**What the exercise asks:**
The answer should reproduce every entry exactly and contain no images.

== Segment start ==

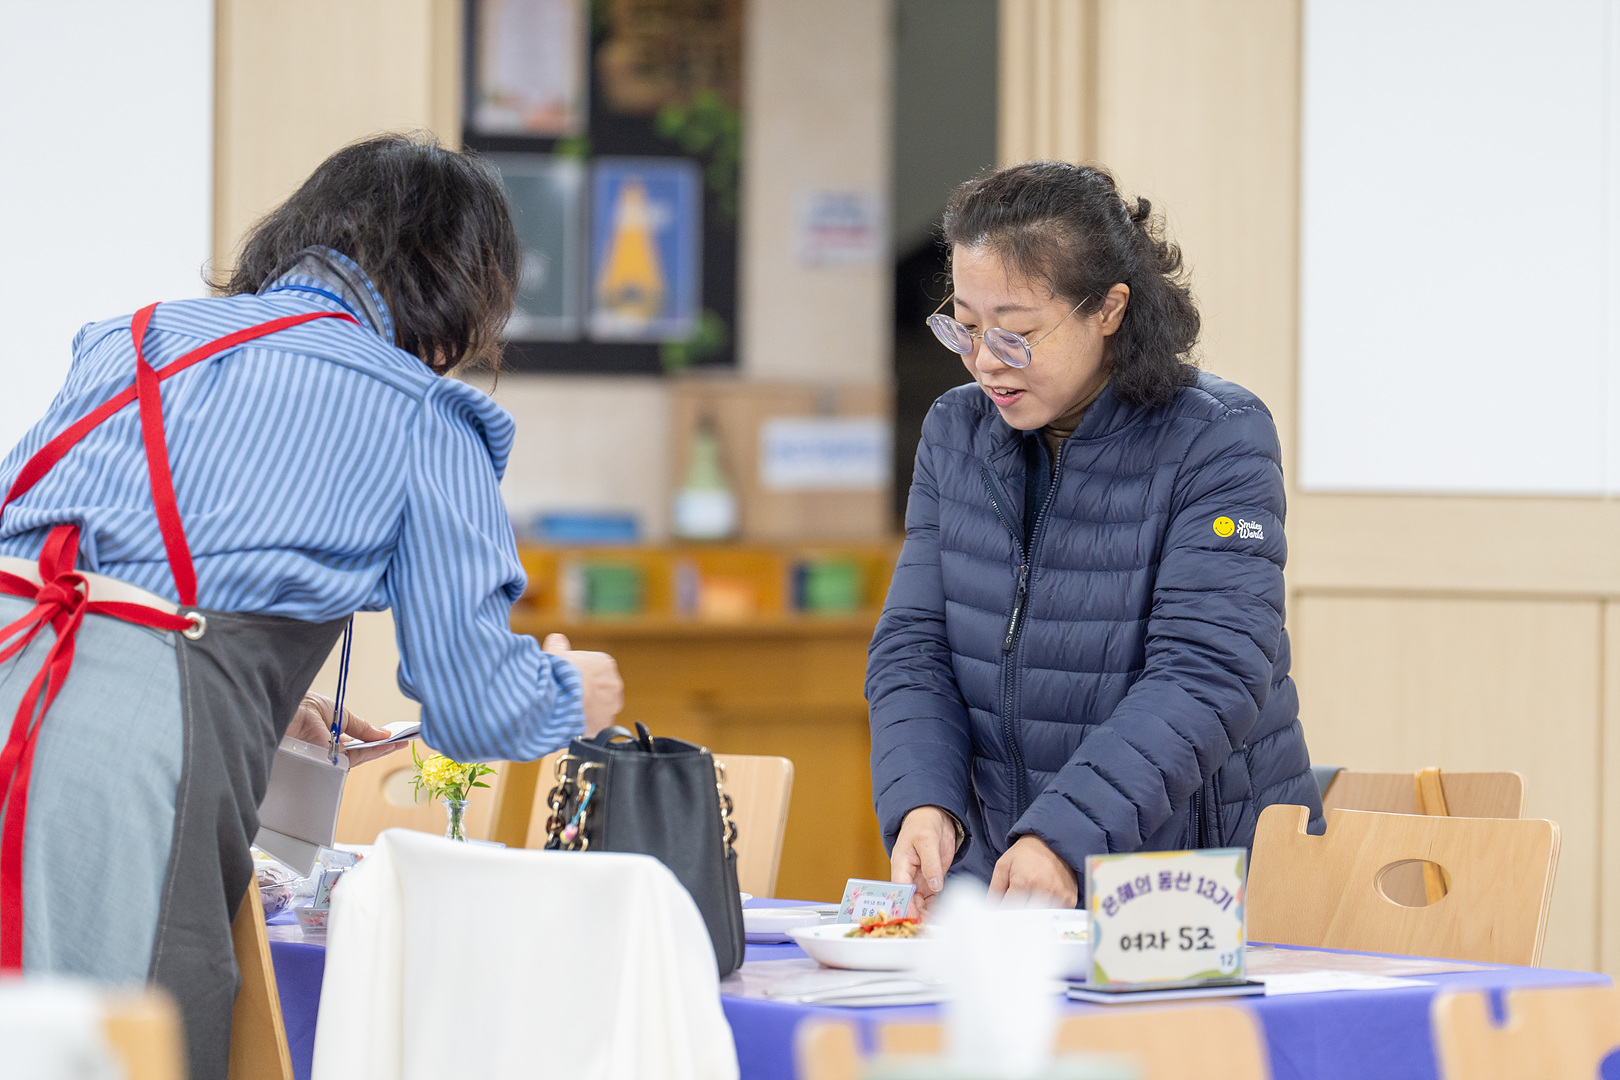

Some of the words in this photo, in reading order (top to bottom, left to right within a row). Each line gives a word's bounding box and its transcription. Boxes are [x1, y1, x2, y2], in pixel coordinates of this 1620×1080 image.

[1237, 519, 1263, 532] Smiley
[1236, 527, 1264, 540] World
[1101, 874, 1152, 918] 은혜의
[1157, 870, 1191, 892] 동산
[1195, 877, 1234, 912] 13기
[1119, 932, 1169, 951] 여자
[1178, 927, 1215, 951] 5조
[1220, 954, 1235, 967] 12
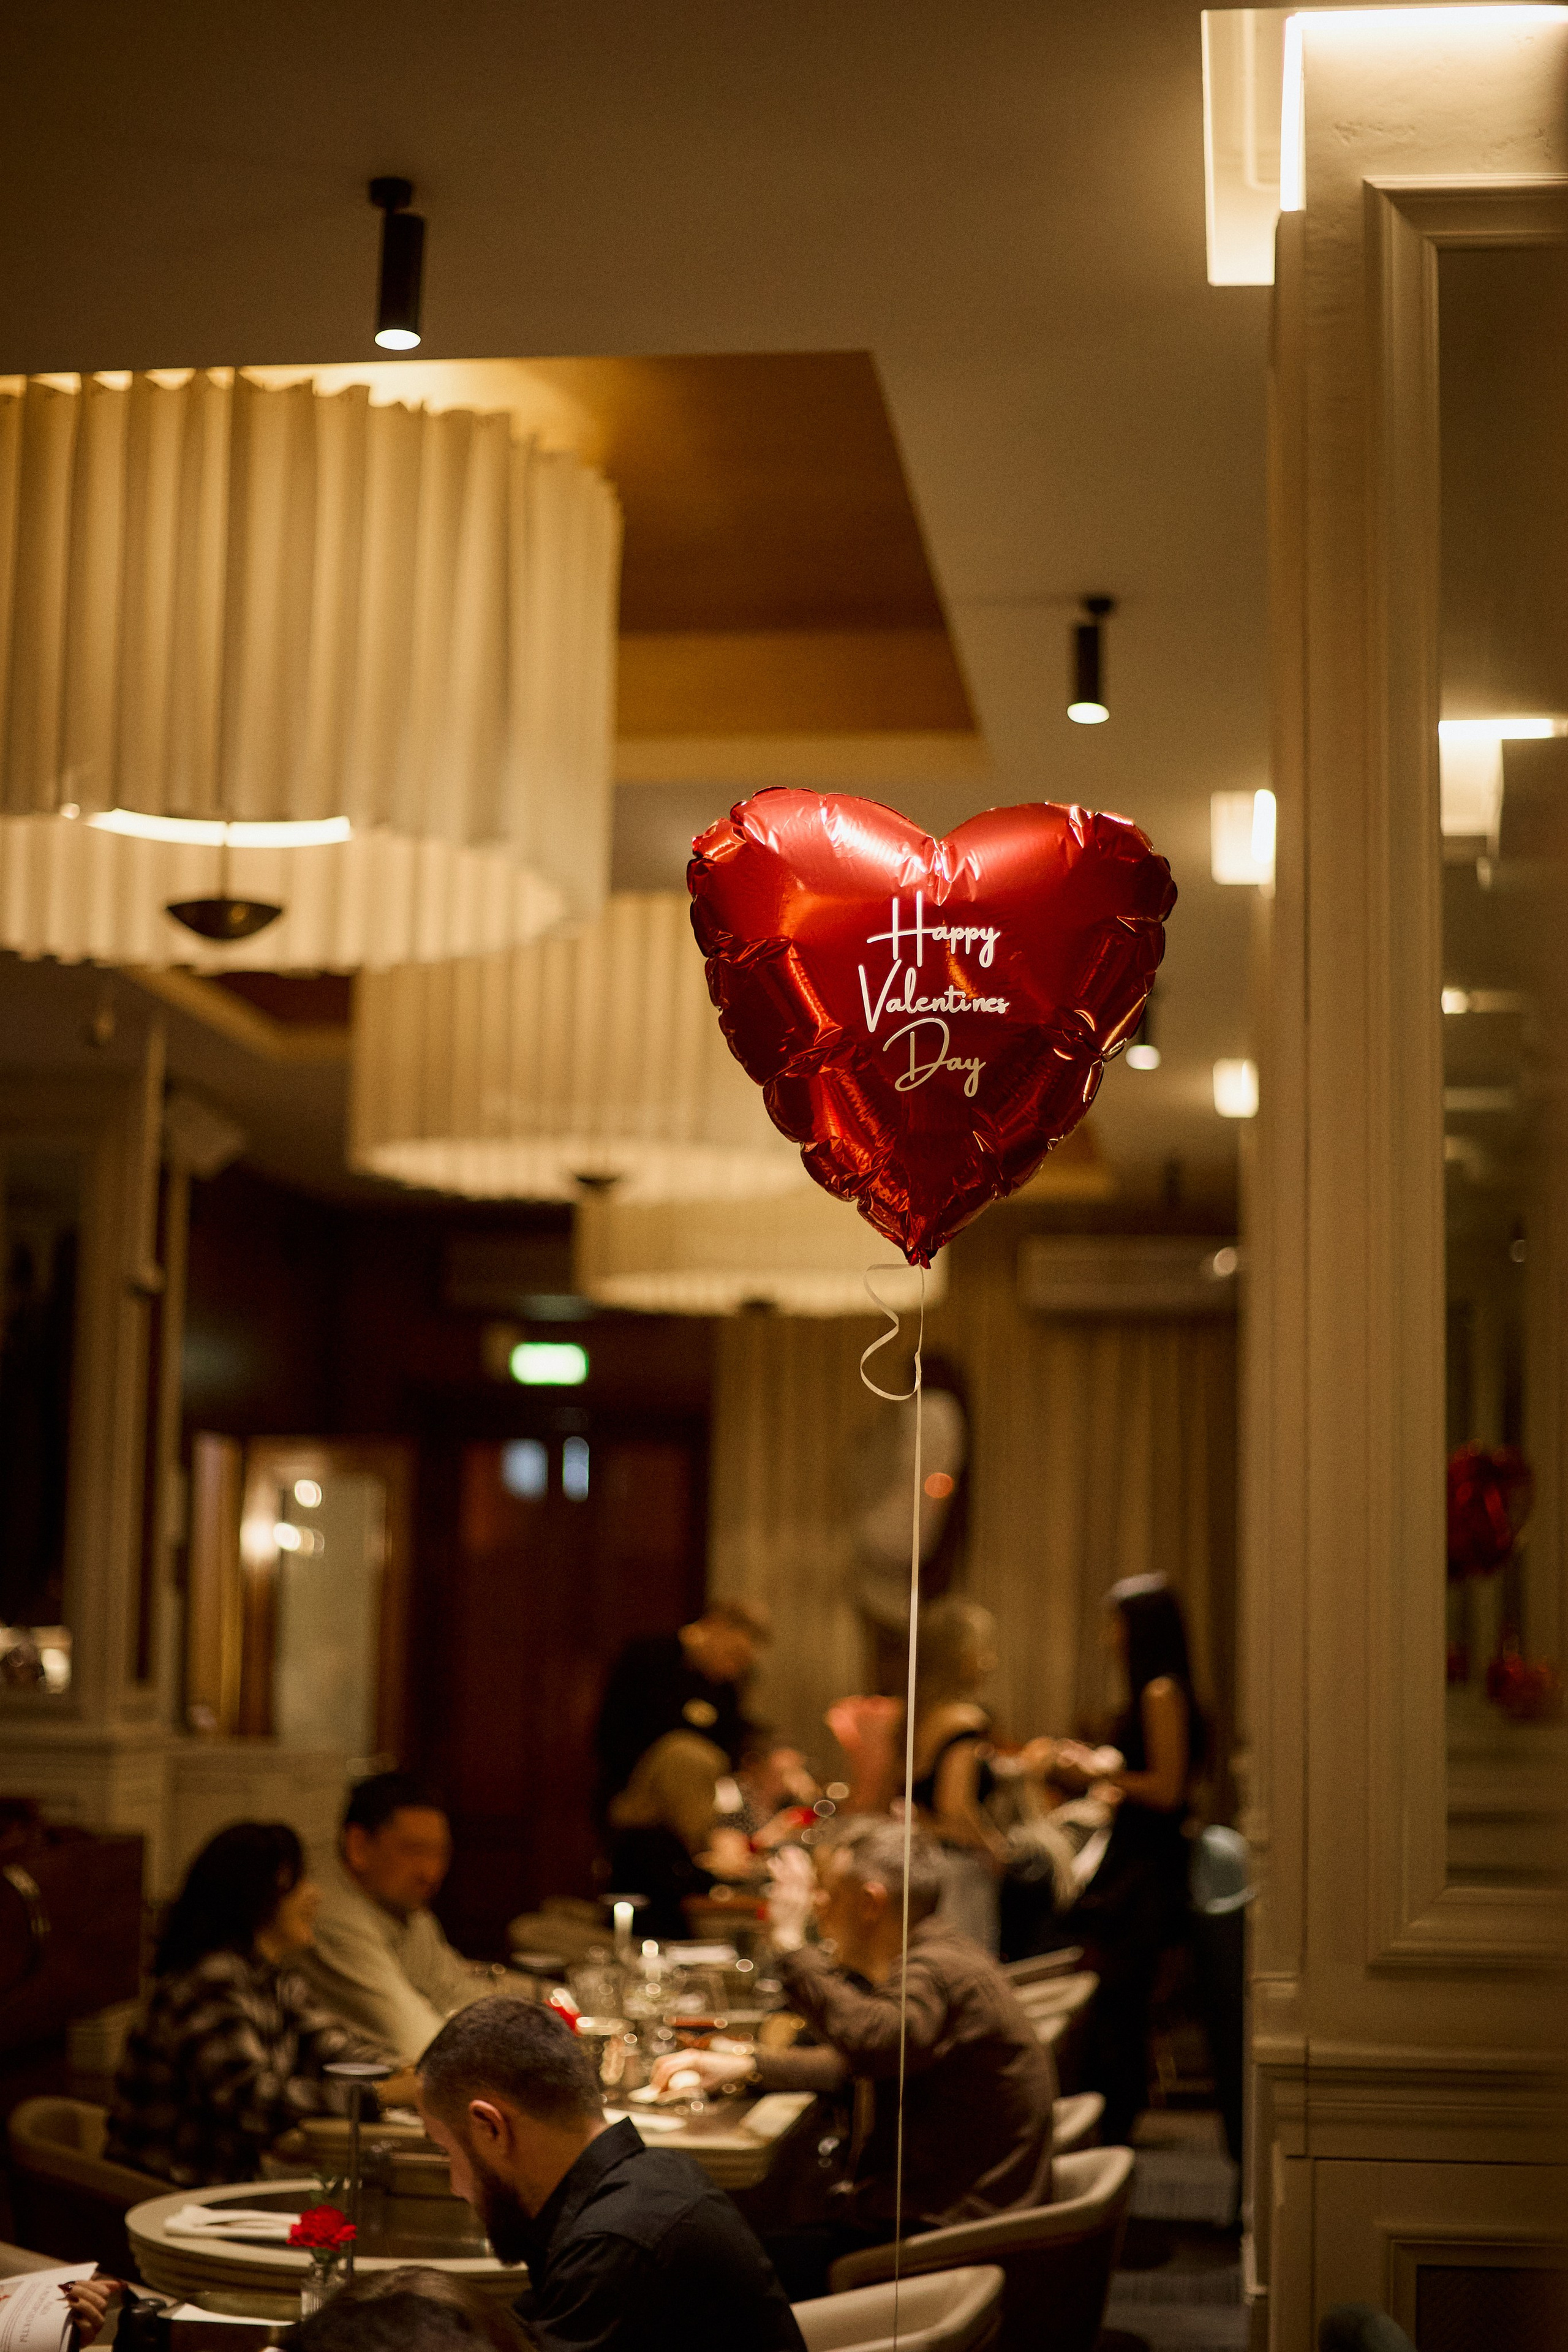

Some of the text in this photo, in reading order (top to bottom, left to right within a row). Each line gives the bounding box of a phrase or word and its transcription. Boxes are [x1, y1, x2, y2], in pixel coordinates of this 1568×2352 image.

== Segment end ==

**Response box:**
Some of the words in this photo, in reading order (top to bottom, left to right within a row). Each line gives a word's bounding box and its transcription. Boxes are [x1, y1, x2, y2], in pixel coordinates of this 1620×1080 image.

[1237, 519, 1263, 532] Smiley
[1236, 527, 1264, 540] World
[1101, 874, 1152, 918] 은혜의
[1157, 870, 1191, 892] 동산
[1195, 877, 1234, 912] 13기
[1119, 932, 1169, 951] 여자
[1178, 927, 1215, 951] 5조
[1220, 954, 1235, 967] 12

Some of the text in this photo, in reading order (top to bottom, left to right within a row). Each line gives the bounding box of a phrase or word and its transcription. Boxes are [x1, y1, x2, y2], in pixel coordinates of this 1568×2352 image.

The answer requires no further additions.